[[ Data under study, beginning ]]

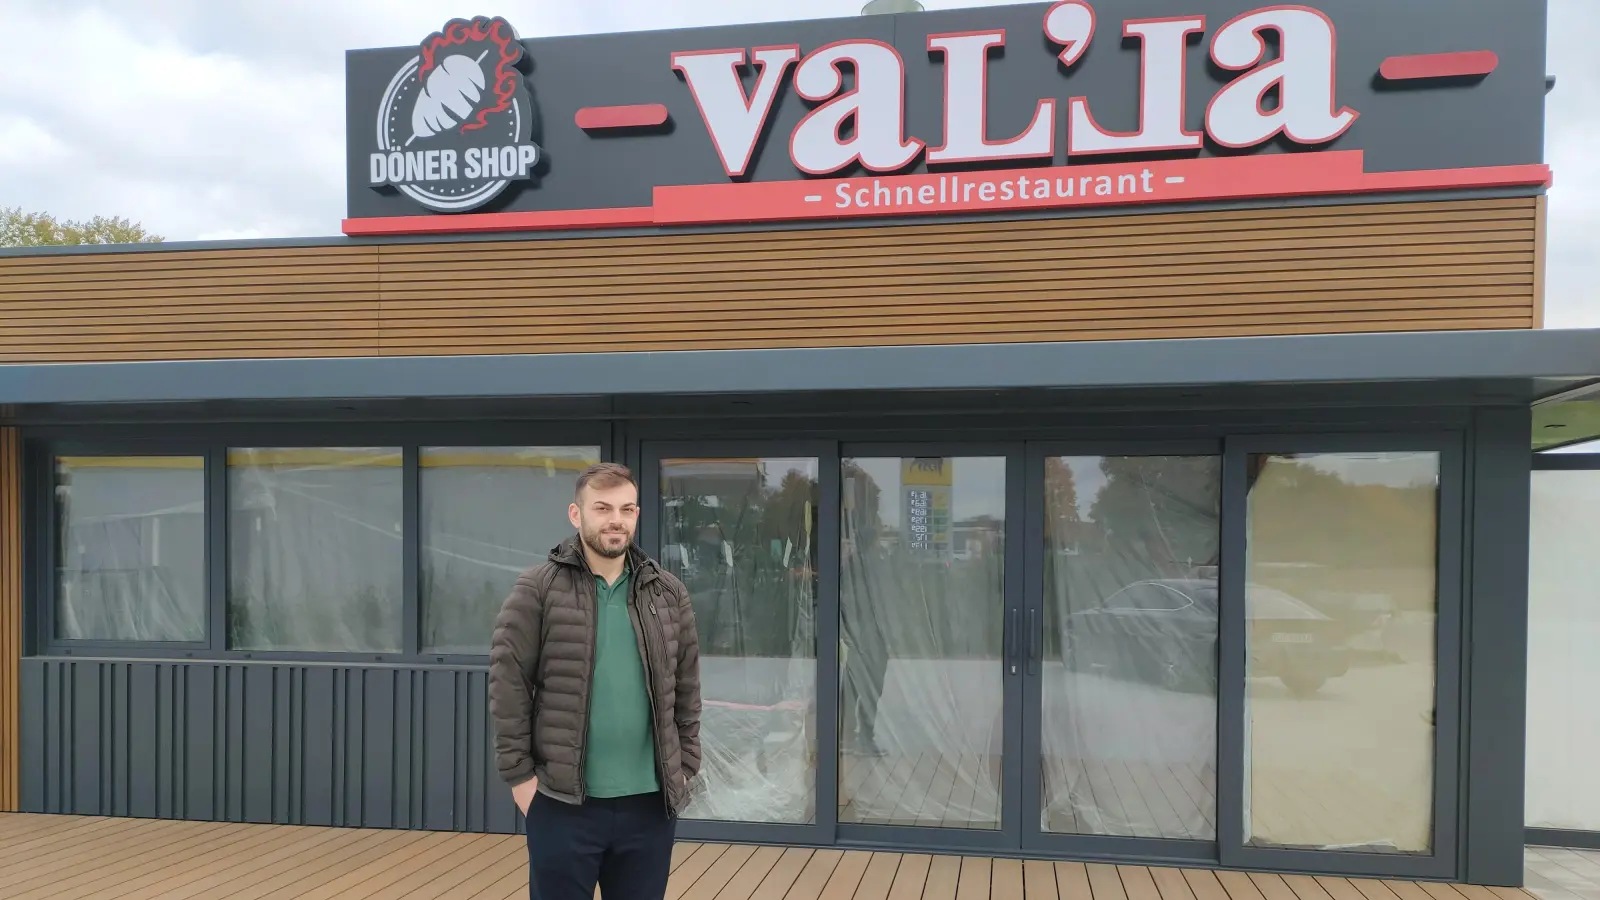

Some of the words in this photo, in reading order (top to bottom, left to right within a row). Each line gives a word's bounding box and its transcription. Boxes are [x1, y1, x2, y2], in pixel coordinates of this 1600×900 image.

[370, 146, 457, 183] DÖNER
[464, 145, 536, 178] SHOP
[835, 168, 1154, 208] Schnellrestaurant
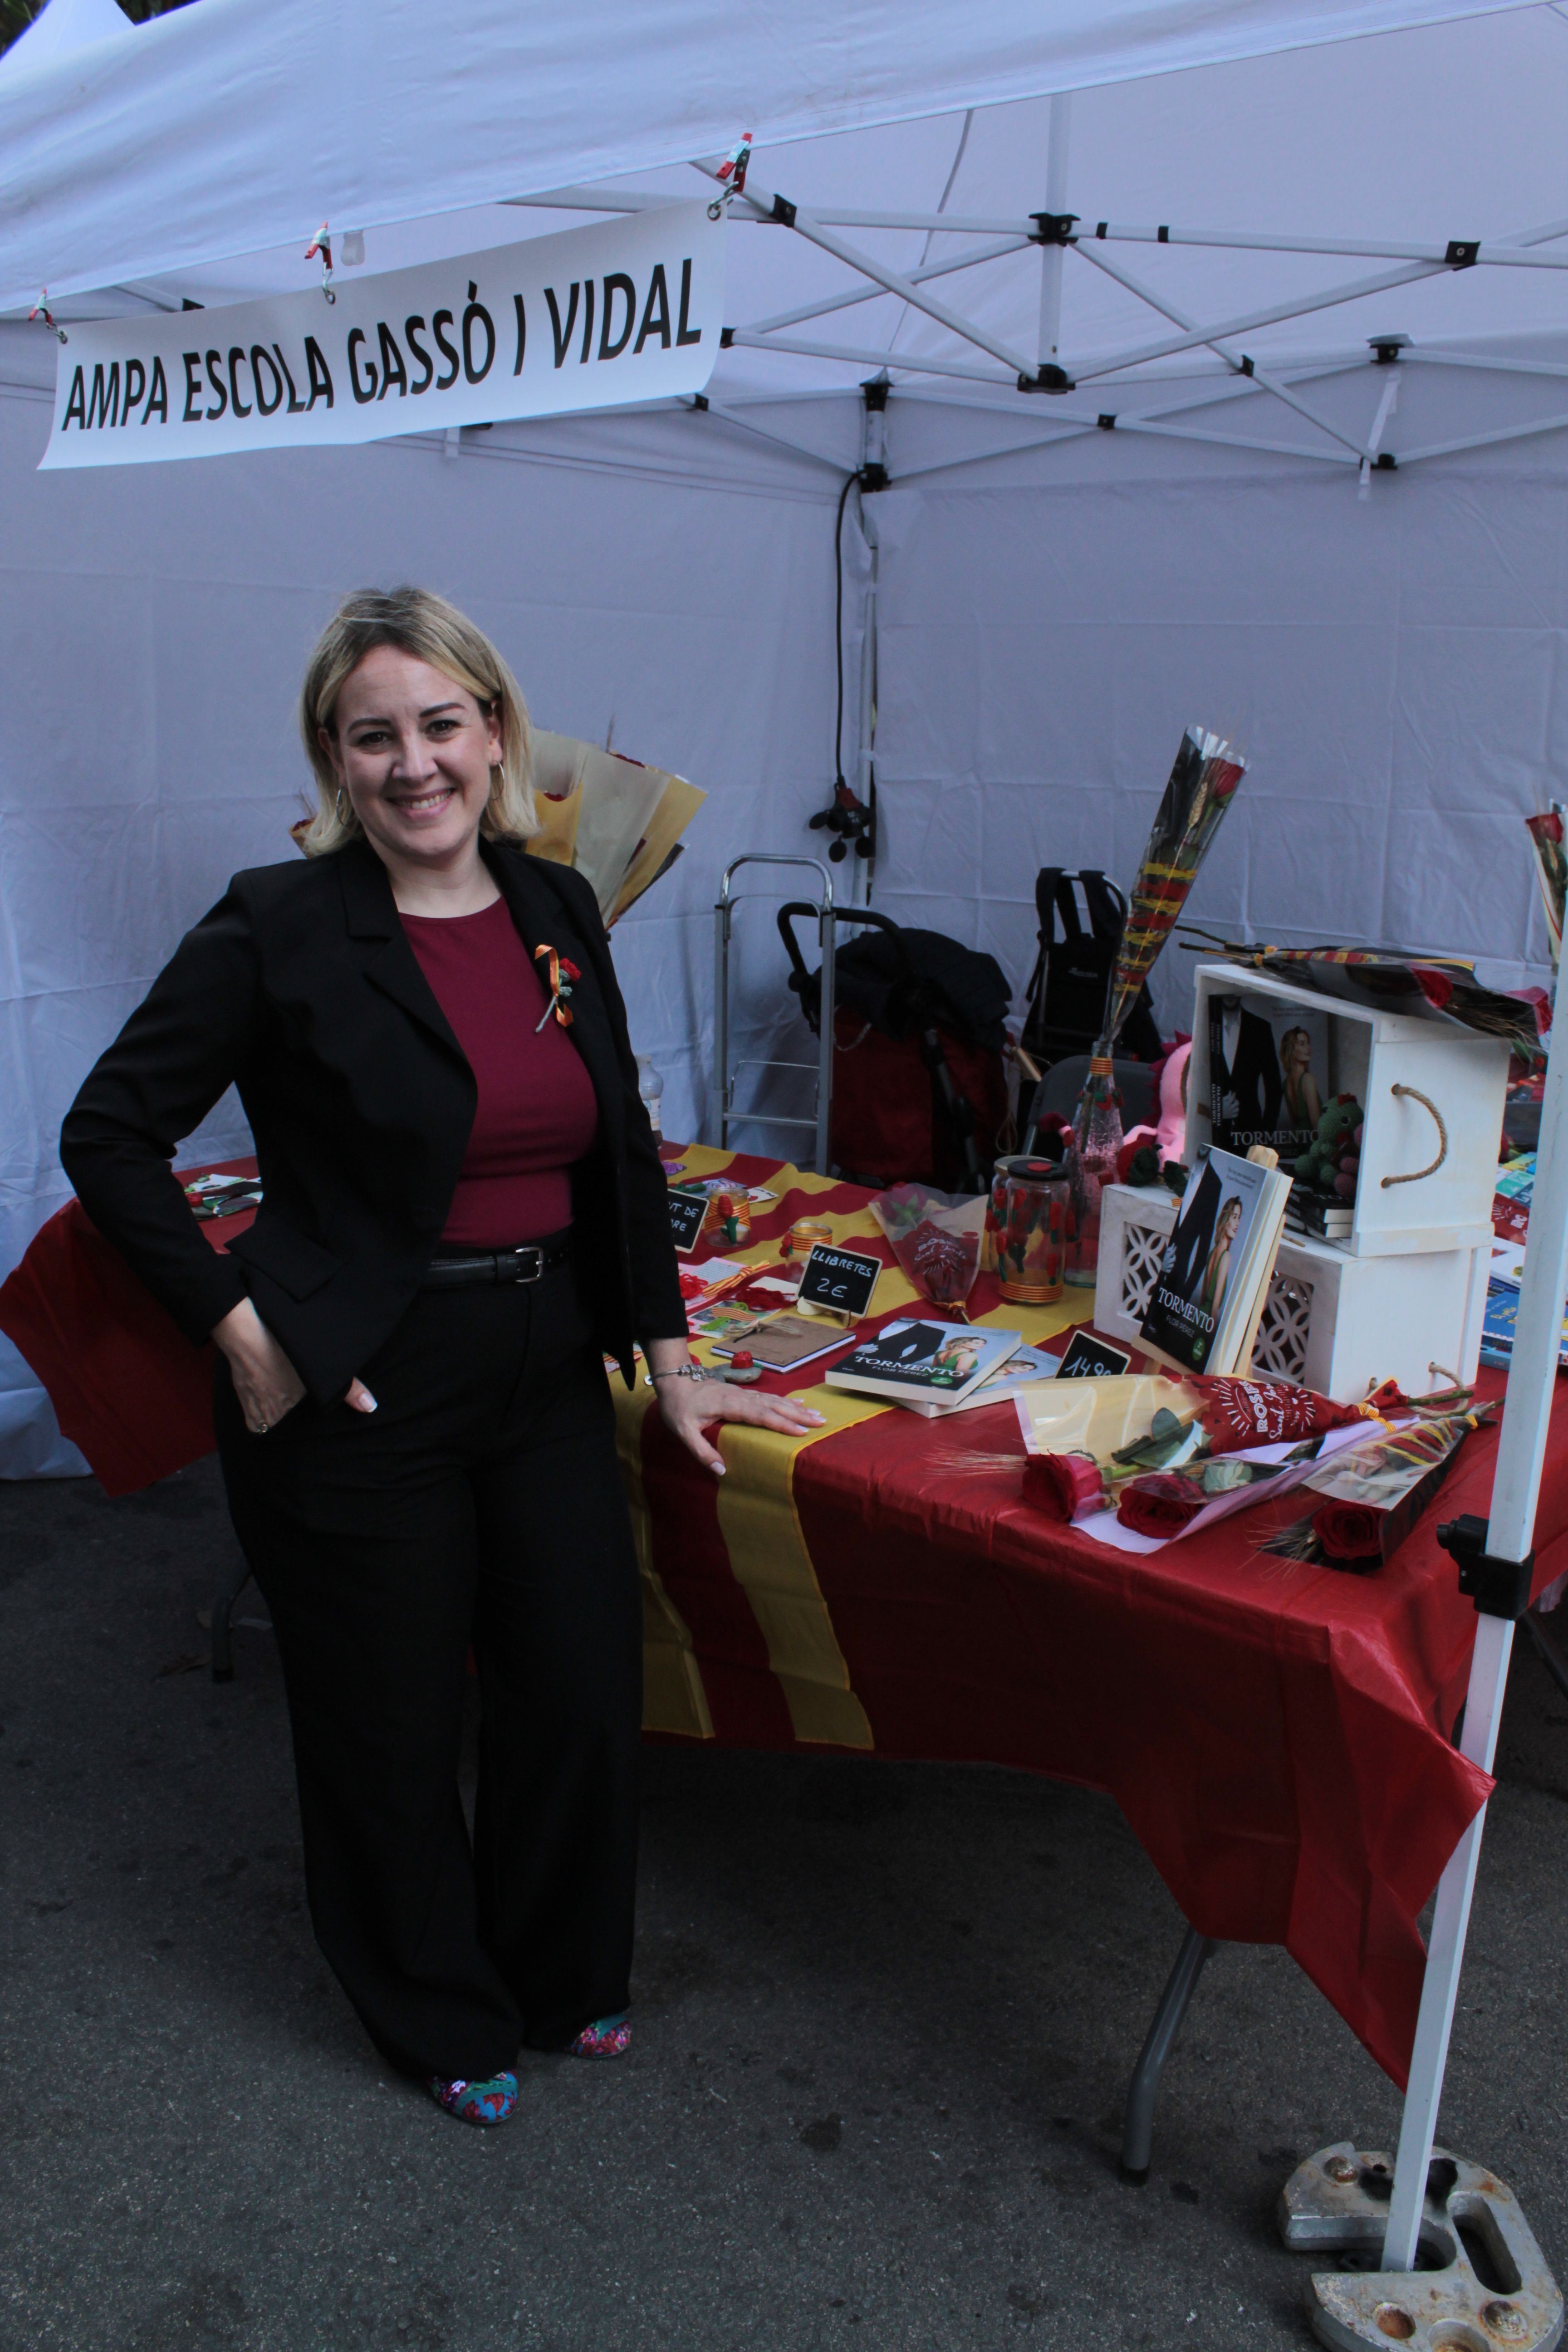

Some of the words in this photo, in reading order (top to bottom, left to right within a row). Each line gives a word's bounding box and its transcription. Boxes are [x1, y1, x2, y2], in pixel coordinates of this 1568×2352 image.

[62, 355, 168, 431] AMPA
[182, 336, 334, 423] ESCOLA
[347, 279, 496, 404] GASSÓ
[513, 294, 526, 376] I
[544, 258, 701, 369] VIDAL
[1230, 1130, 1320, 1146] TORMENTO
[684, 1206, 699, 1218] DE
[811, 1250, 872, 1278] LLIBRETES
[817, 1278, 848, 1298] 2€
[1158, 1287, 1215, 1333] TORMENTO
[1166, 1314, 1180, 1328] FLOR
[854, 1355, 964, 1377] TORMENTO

[[ Data under study, end ]]

[Exercise details] Would you copy all the material exactly, dropping the pictures?

[Reply to the exercise]
Some of the words in this photo, in reading order (top to bottom, left to right within a row). Each line gives a word's bounding box and its transcription. Boxes are [x1, y1, x2, y2], in pixel coordinates of this 1600×900 image.

[370, 146, 457, 183] DÖNER
[464, 145, 536, 178] SHOP
[835, 168, 1154, 208] Schnellrestaurant

Some of the words in this photo, in reading order (top to bottom, left to right within a row). Each line gives a word's bounding box and its transcription. Boxes are [x1, y1, x2, y2], in pixel coordinates of this 1568×2352 image.

[62, 355, 168, 431] AMPA
[182, 336, 334, 423] ESCOLA
[347, 279, 496, 404] GASSÓ
[513, 294, 526, 376] I
[544, 258, 701, 369] VIDAL
[1230, 1130, 1320, 1146] TORMENTO
[684, 1206, 699, 1218] DE
[811, 1250, 872, 1278] LLIBRETES
[817, 1278, 848, 1298] 2€
[1158, 1287, 1215, 1333] TORMENTO
[1166, 1314, 1180, 1328] FLOR
[854, 1355, 964, 1377] TORMENTO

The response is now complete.